■ **Required work**:
The full text of the records below, minus any pictures, should be given back word for word.

Image-backed grounding data
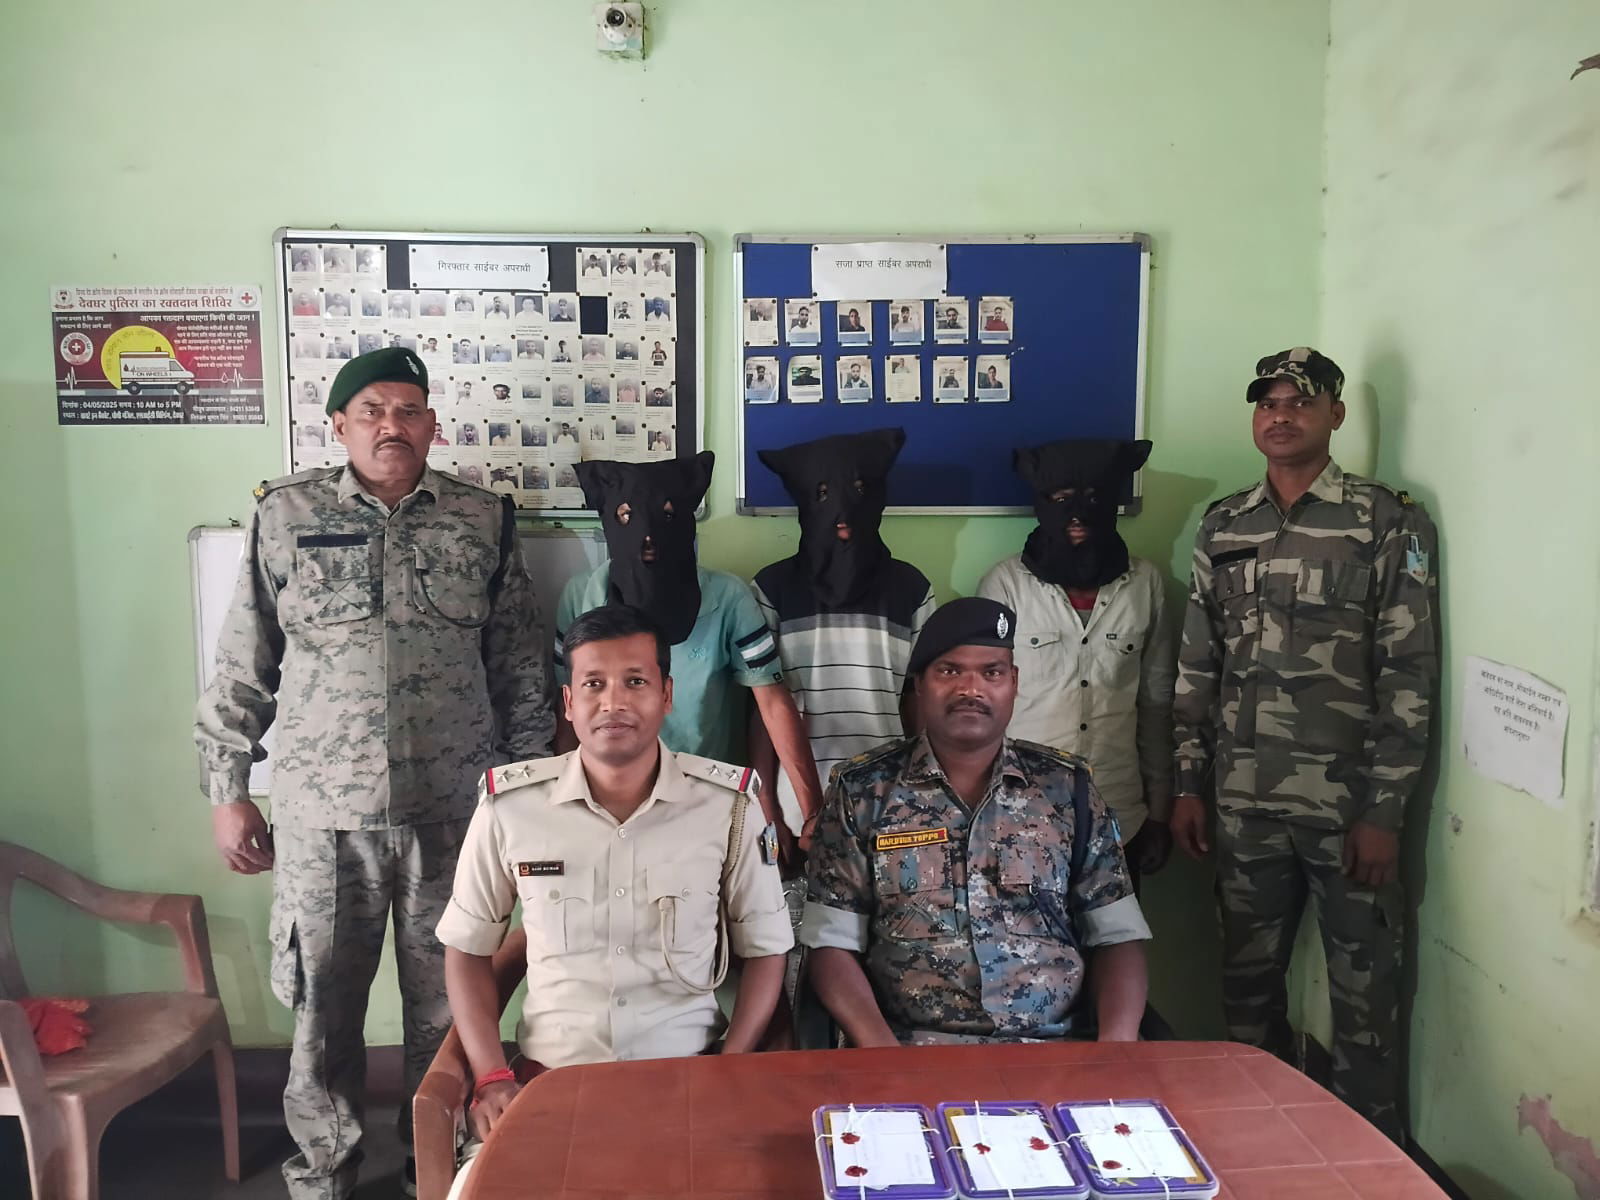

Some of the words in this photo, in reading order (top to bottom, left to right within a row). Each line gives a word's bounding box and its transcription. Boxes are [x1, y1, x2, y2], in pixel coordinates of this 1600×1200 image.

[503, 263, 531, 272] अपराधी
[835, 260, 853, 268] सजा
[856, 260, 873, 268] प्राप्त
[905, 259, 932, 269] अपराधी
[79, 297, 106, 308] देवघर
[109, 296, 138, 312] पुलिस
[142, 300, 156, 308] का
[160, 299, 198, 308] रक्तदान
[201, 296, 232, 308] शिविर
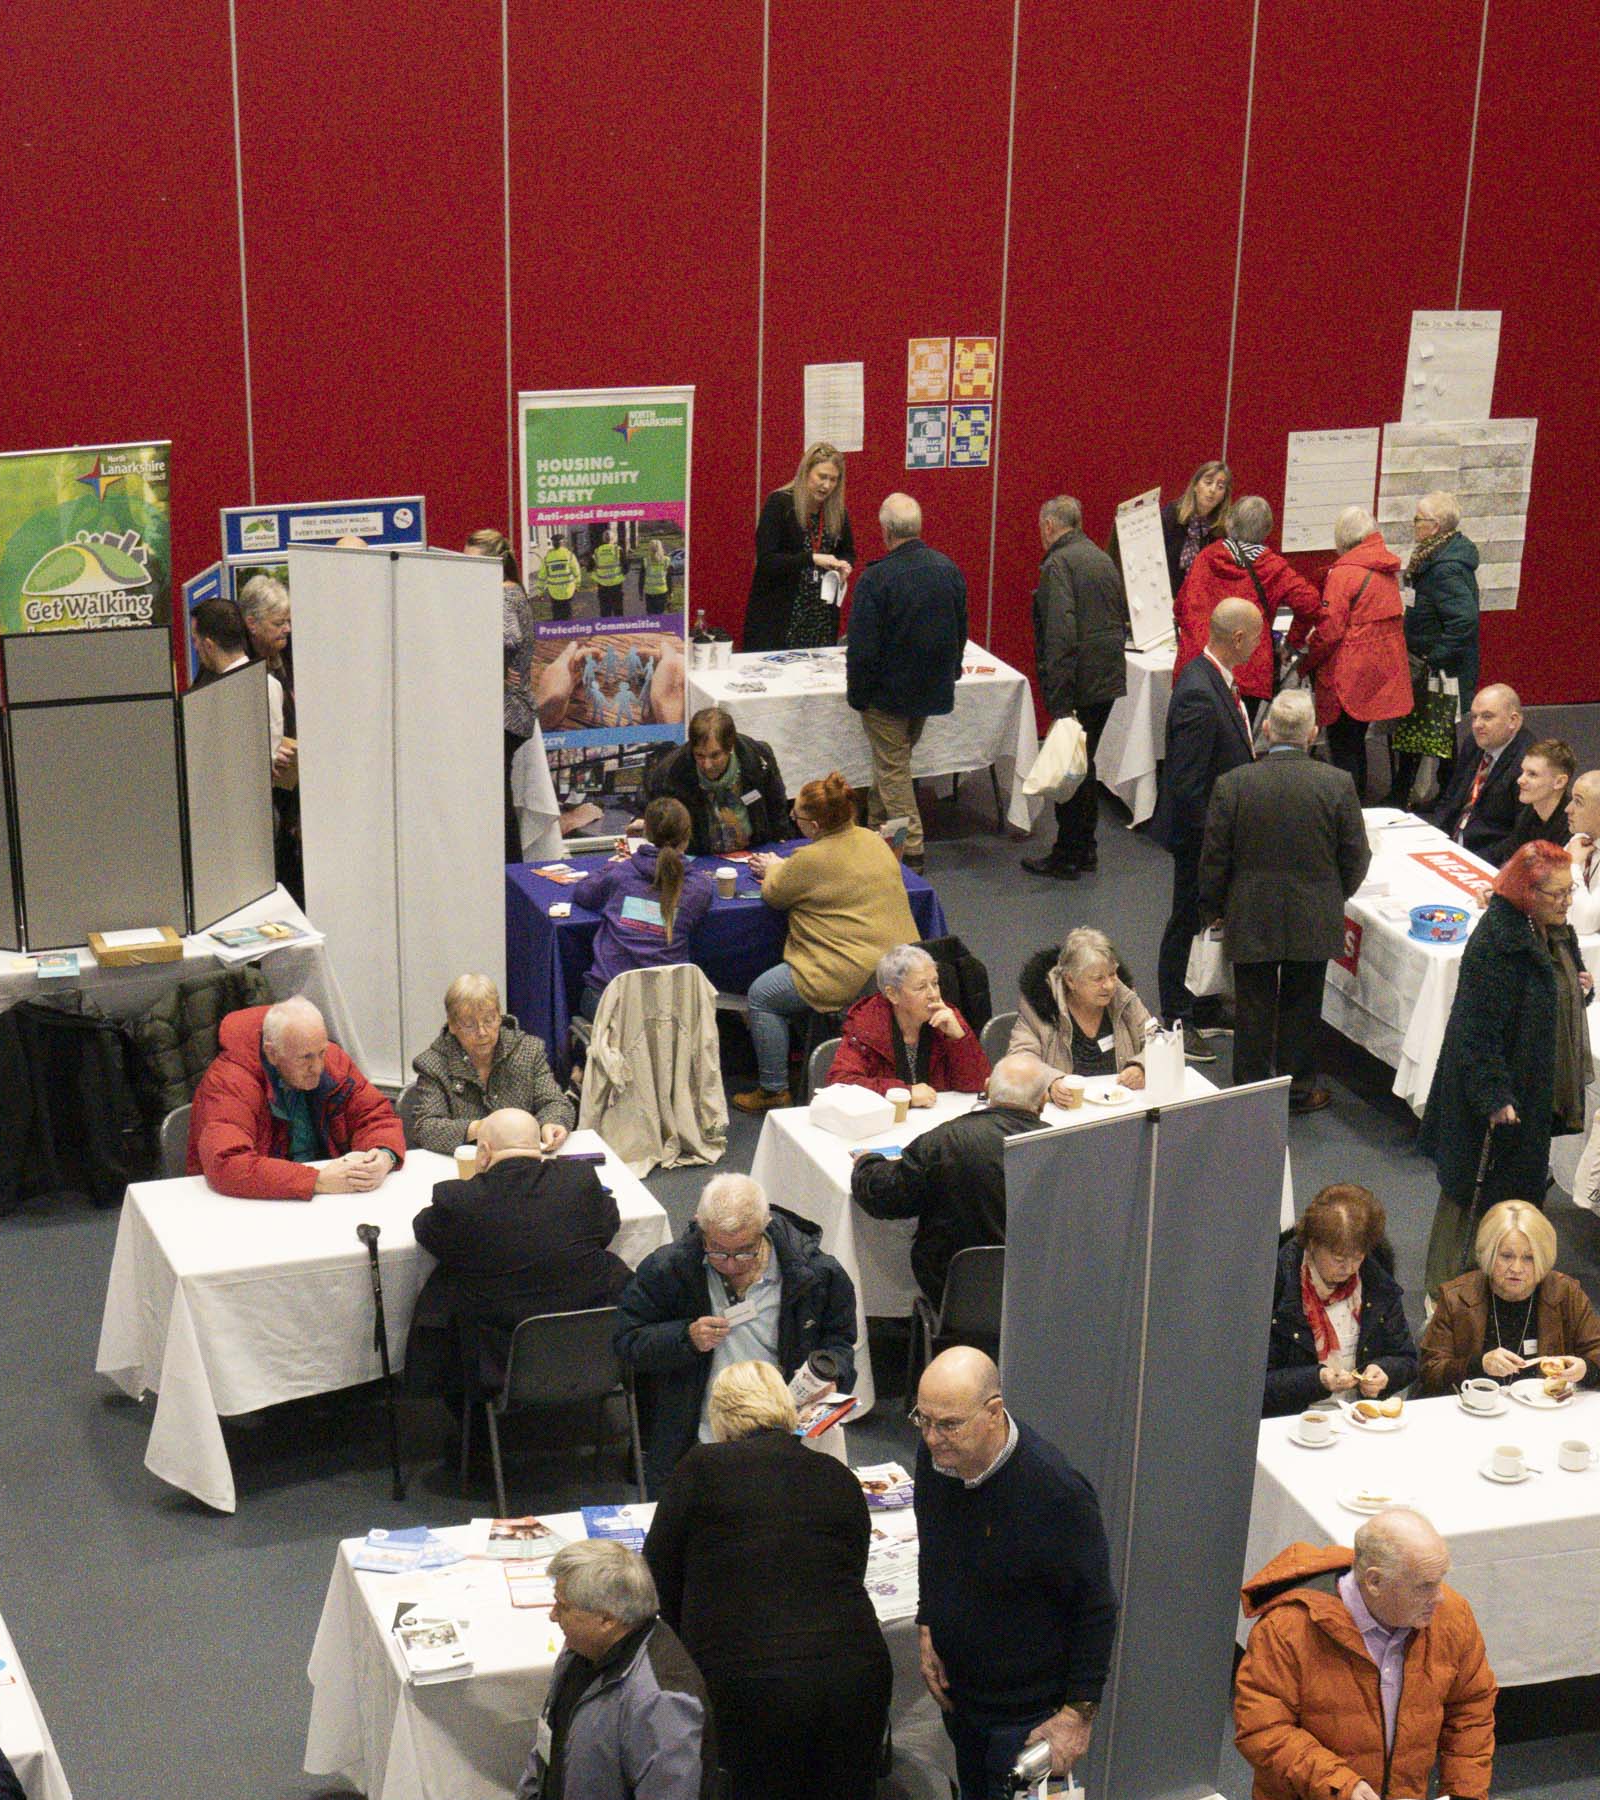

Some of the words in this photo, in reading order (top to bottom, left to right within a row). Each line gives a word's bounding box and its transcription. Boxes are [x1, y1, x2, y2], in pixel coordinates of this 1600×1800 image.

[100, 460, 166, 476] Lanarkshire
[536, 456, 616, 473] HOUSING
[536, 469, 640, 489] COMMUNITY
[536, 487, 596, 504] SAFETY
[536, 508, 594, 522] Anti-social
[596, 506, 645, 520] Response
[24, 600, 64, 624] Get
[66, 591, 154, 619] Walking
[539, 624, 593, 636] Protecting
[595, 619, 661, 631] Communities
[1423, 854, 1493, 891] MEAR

■ **Finished exercise**:
Some of the words in this photo, in reading order (top to bottom, left to right within a row). Each line gives a word's bounding box and its transcription. Boxes are [x1, y1, x2, y2], in pixel coordinates of this 1600×1200 image.

[503, 263, 531, 272] अपराधी
[835, 260, 853, 268] सजा
[856, 260, 873, 268] प्राप्त
[905, 259, 932, 269] अपराधी
[79, 297, 106, 308] देवघर
[109, 296, 138, 312] पुलिस
[142, 300, 156, 308] का
[160, 299, 198, 308] रक्तदान
[201, 296, 232, 308] शिविर

Some of the words in this photo, in reading order (top to bottom, left to right within a row). Each line gives a word's bounding box and its transcription. Boxes are [x1, y1, x2, y2], in pixel coordinates of this 1600×1800 image.

[100, 460, 166, 476] Lanarkshire
[536, 456, 616, 473] HOUSING
[536, 469, 640, 489] COMMUNITY
[536, 487, 596, 504] SAFETY
[536, 508, 594, 522] Anti-social
[596, 506, 645, 520] Response
[24, 600, 64, 624] Get
[66, 591, 154, 619] Walking
[539, 624, 593, 636] Protecting
[595, 619, 661, 631] Communities
[1423, 854, 1493, 891] MEAR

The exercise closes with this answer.